### [Work to complete]
Extract all data as written.

### [Phrase grounding data]
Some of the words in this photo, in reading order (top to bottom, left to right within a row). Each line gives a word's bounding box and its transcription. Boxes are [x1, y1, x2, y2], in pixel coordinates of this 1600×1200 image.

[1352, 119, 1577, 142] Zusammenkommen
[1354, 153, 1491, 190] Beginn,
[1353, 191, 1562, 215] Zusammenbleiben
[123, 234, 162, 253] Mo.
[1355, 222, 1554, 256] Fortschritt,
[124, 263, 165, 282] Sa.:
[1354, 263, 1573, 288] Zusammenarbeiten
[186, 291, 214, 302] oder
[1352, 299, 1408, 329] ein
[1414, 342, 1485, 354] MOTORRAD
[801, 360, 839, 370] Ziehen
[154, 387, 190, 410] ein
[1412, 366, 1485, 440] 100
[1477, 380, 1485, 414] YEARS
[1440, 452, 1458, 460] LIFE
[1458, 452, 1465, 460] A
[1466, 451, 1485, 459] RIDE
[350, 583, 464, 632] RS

### [Exercise answer]
Some of the words in this photo, in reading order (top to bottom, left to right within a row). Each line gives a word's bounding box and its transcription. Boxes are [x1, y1, x2, y2], in pixel coordinates of this 1600×1200 image.

[1352, 119, 1577, 142] Zusammenkommen
[1354, 153, 1491, 190] Beginn,
[1353, 191, 1562, 215] Zusammenbleiben
[123, 234, 162, 253] Mo.
[1355, 222, 1554, 256] Fortschritt,
[124, 263, 165, 282] Sa.:
[1354, 263, 1573, 288] Zusammenarbeiten
[186, 291, 214, 302] oder
[1352, 299, 1408, 329] ein
[1414, 342, 1485, 354] MOTORRAD
[801, 360, 839, 370] Ziehen
[154, 387, 190, 410] ein
[1412, 366, 1485, 440] 100
[1477, 380, 1485, 414] YEARS
[1440, 452, 1458, 460] LIFE
[1458, 452, 1465, 460] A
[1466, 451, 1485, 459] RIDE
[350, 583, 464, 632] RS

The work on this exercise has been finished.